ARTIGO – A Luz que Brilha Atrás das Grades

 

Enquanto a sociedade grita por segurança e clama por justiça, há vozes que ecoam dentro dos muros silenciosos dos presídios, onde poucos ousam olhar com compaixão. O testemunho do Pastor Sidney Oliveira, voluntário da UNP – Universal nos Presídios, nos convida a enxergar algo mais profundo: a restauração da dignidade humana por meio da fé.

Vivemos numa época em que o sistema prisional brasileiro, superlotado, desumano e, em muitos casos, falido, é mais um reprodutor de violência do que um instrumento de regeneração. Mas, em meio a esse cenário sombrio, há iniciativas como essa que iluminam caminhos. O trabalho da Igreja Universal, por meio da UNP, não é apenas de assistência religiosa. É um esforço concreto de reintegração espiritual, emocional e, sobretudo, humana.

Há quem critique, há quem olhe com desconfiança. Afinal, falar em Deus dentro de uma prisão pode soar para alguns como oportunismo ou doutrinação. No entanto, quando escutamos relatos como o do Pastor Sidney, vemos que ali não se trata de impor uma religião, mas de abrir uma porta — talvez a única — para que o reeducando reencontre sua humanidade.

É preciso reconhecer que a maior prisão, como bem afirmou o Pastor, não é a cela de concreto e ferro. A pior prisão é a da culpa, da revolta, da ausência de sentido.
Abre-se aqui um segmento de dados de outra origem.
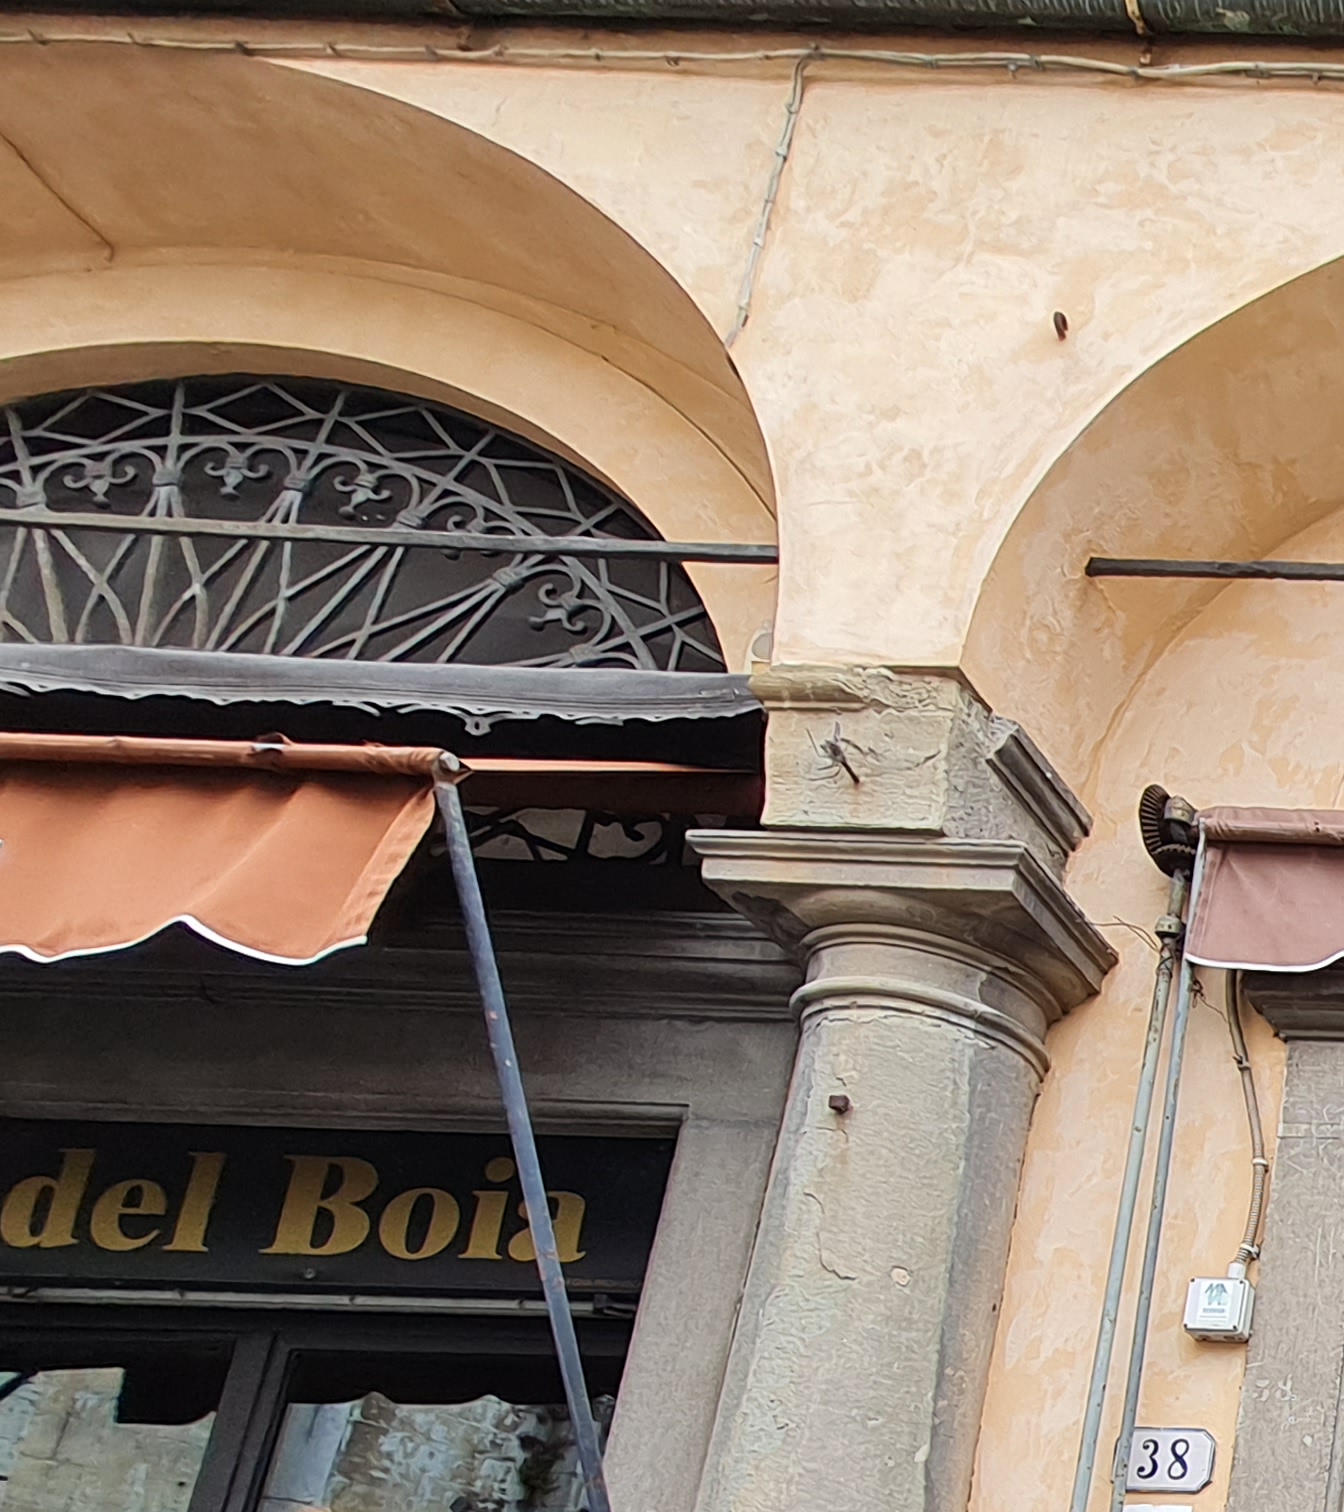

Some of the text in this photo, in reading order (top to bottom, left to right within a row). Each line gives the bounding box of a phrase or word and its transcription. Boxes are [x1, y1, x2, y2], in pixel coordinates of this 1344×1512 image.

[0, 1147, 588, 1264] del Boia
[1135, 1437, 1191, 1481] 38
É aquela prisão invisível, mas brutal, que impede o sujeito de se reconhecer como alguém digno de uma nova chance. E, diante disso, não é o Estado, com suas estruturas falidas, que oferece libertação. Quem chega lá é a palavra — e mais que isso, a escuta, a presença, a mão estendida.

Não há contradição em defender penas justas e, ao mesmo tempo, lutar pela dignidade dos que cumprem suas penas. A sociedade precisa romper com a lógica do descarte. Um país que não acredita na recuperação dos seus condenados, está fadado a produzir reincidentes. Um país que não promove oportunidades de recomeço, está, ele mesmo, preso num ciclo de violência.

Iniciativas como a do UNP devem ser conhecidas, valorizadas e replicadas. Não apenas por sua natureza espiritual, mas por sua eficácia humana. Ver um preso sair de um presídio e se reinserir na sociedade sem carregar as correntes invisíveis da dor e do abandono é uma vitória para todos. É uma vitória da civilização sobre a barbárie.

Pastor Sidney termina sua fala com algo que transcende qualquer doutrina: “Não estamos levando uma religião e sim o poder da palavra de Deus.” Que essa palavra continue entrando onde o Estado falha, onde a sociedade fecha os olhos, e onde só o amor e a fé têm coragem de caminhar.